Segment Start: TASK INPUTS

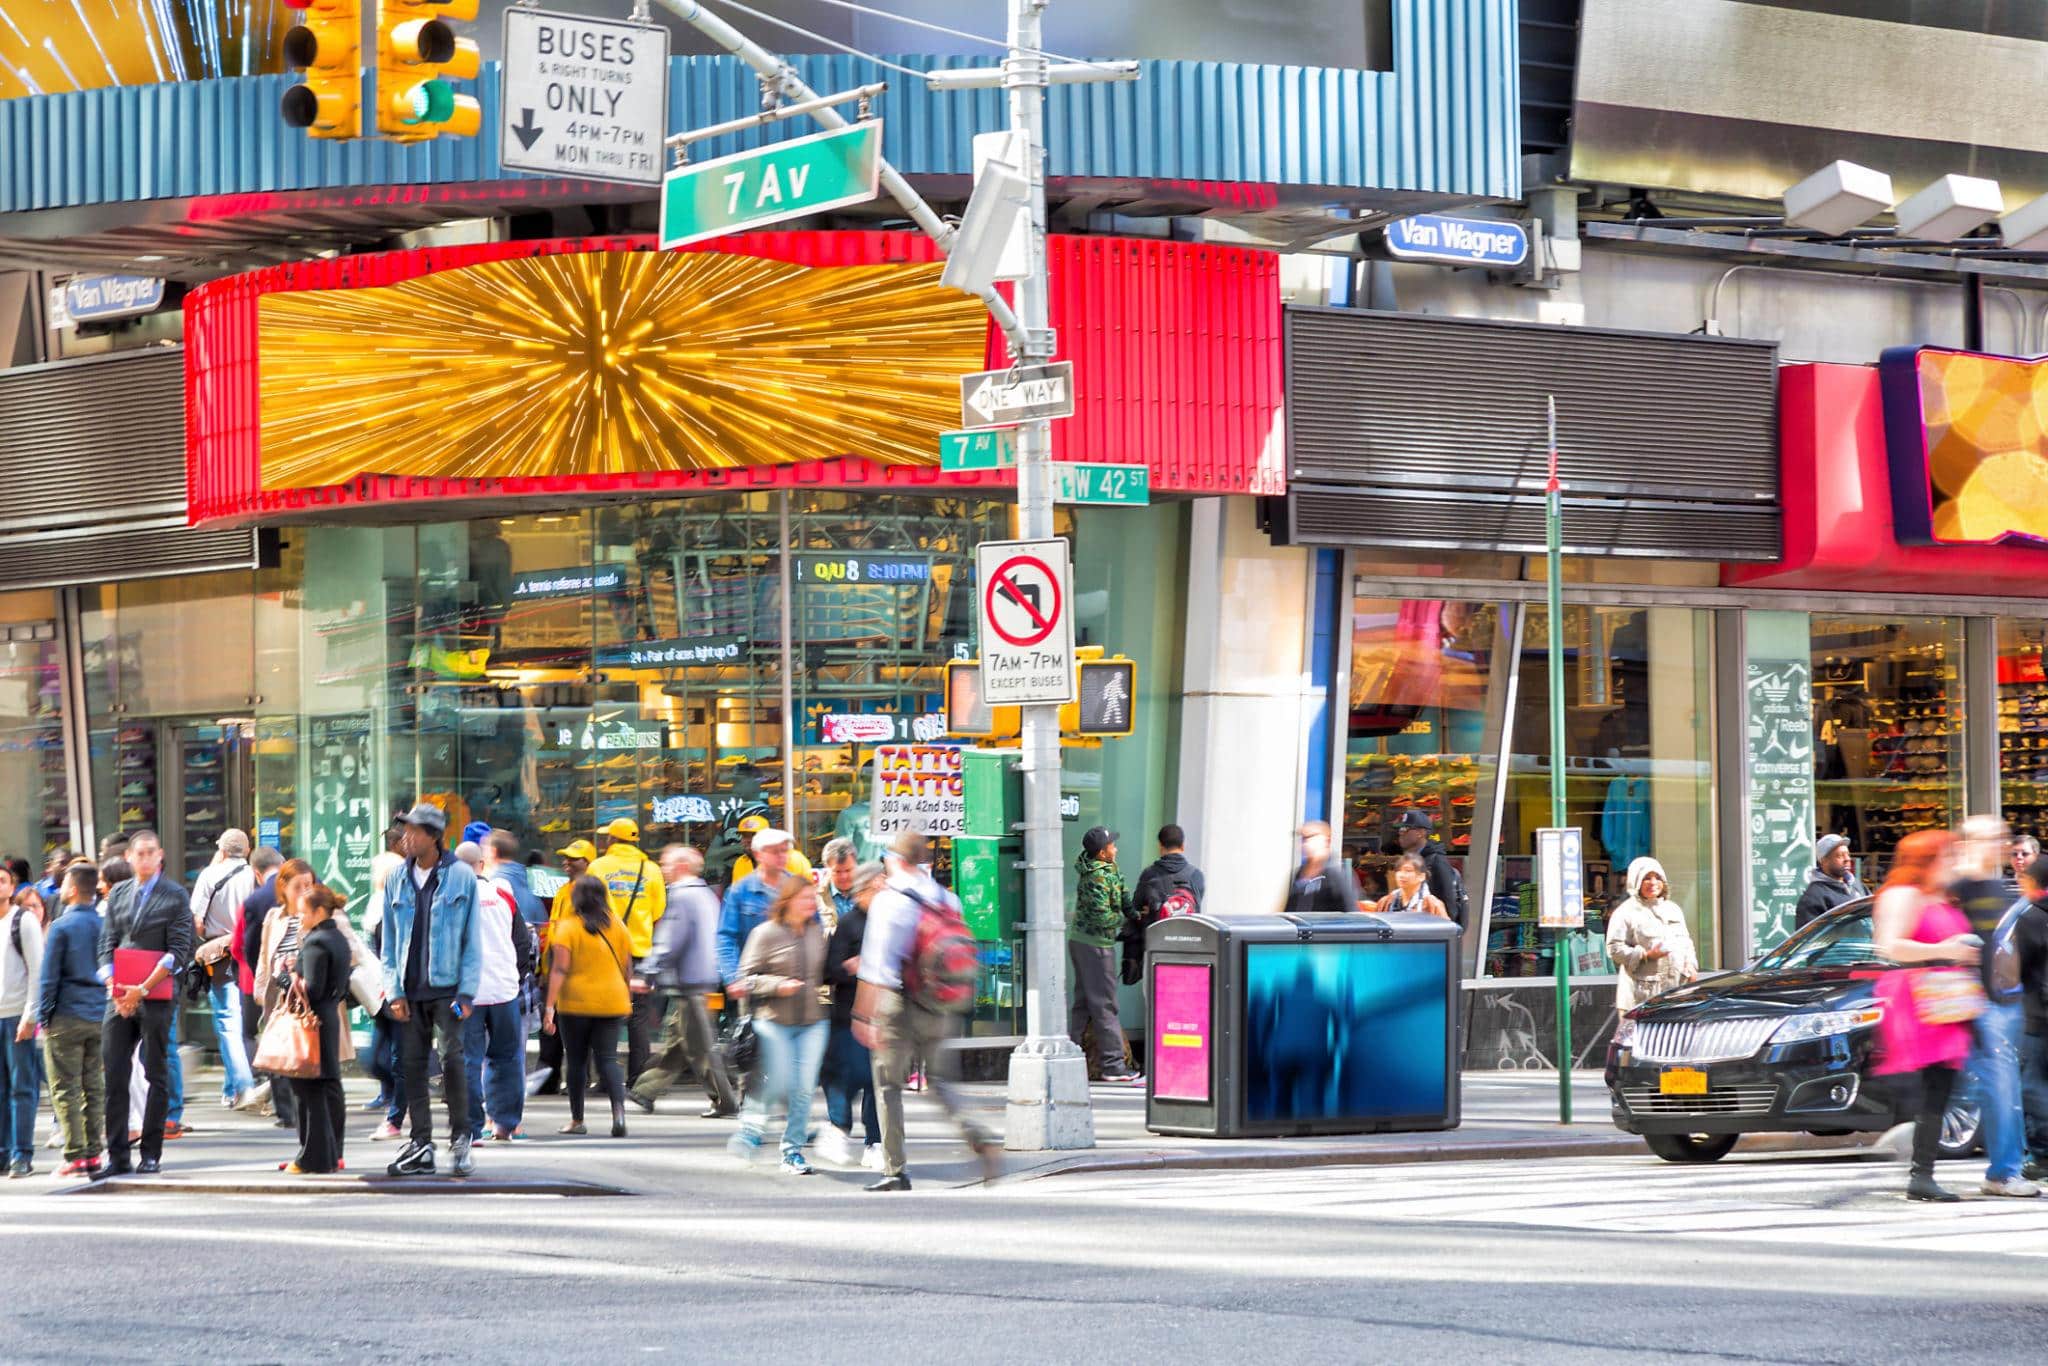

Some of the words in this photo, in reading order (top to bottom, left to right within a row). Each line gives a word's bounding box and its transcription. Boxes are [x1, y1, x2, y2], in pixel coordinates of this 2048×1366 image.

[538, 26, 635, 66] BUSES
[539, 62, 548, 75] &
[552, 63, 587, 80] RIGHT
[592, 68, 633, 84] TURNS
[547, 82, 624, 118] ONLY
[566, 121, 646, 146] 4PM-7PM
[555, 143, 590, 164] MON
[594, 150, 624, 166] THRU
[629, 152, 654, 171] FRI
[723, 171, 746, 215] 7
[1400, 217, 1439, 247] Van
[1440, 221, 1517, 258] Wagner
[66, 283, 101, 308] Van
[101, 276, 157, 307] Wagner
[979, 387, 1010, 410] ONE
[1023, 380, 1058, 401] WAY
[953, 436, 970, 467] 7
[975, 434, 992, 451] AV
[1075, 468, 1092, 494] W
[1100, 470, 1127, 499] 42
[1130, 470, 1146, 487] ST
[989, 652, 1064, 673] 7AM-7PM
[991, 677, 1027, 690] EXCEPT
[1031, 675, 1064, 688] BUSES
[881, 800, 899, 813] 303
[915, 800, 940, 813] 42nd

Segment End: TASK INPUTS

| EXERCISE PROMPT |
Where the material above includes pictures, omit them and retype everything else exactly.

| RESULT FOR THIS EXERCISE |
Some of the words in this photo, in reading order (top to bottom, left to right within a row). Each line gives a word's bounding box and its transcription. Boxes are [x1, y1, x2, y2], in pixel coordinates of this 2048×1366 image.

[538, 26, 635, 66] BUSES
[539, 62, 548, 75] &
[552, 63, 587, 80] RIGHT
[592, 68, 633, 84] TURNS
[547, 82, 624, 118] ONLY
[566, 121, 646, 146] 4PM-7PM
[555, 143, 590, 164] MON
[594, 150, 624, 166] THRU
[629, 152, 654, 171] FRI
[723, 171, 746, 215] 7
[1400, 217, 1439, 247] Van
[1440, 221, 1517, 258] Wagner
[66, 283, 101, 308] Van
[101, 276, 157, 307] Wagner
[979, 387, 1010, 410] ONE
[1023, 380, 1058, 401] WAY
[953, 436, 970, 467] 7
[975, 434, 992, 451] AV
[1075, 468, 1092, 494] W
[1100, 470, 1127, 499] 42
[1130, 470, 1146, 487] ST
[989, 652, 1064, 673] 7AM-7PM
[991, 677, 1027, 690] EXCEPT
[1031, 675, 1064, 688] BUSES
[881, 800, 899, 813] 303
[915, 800, 940, 813] 42nd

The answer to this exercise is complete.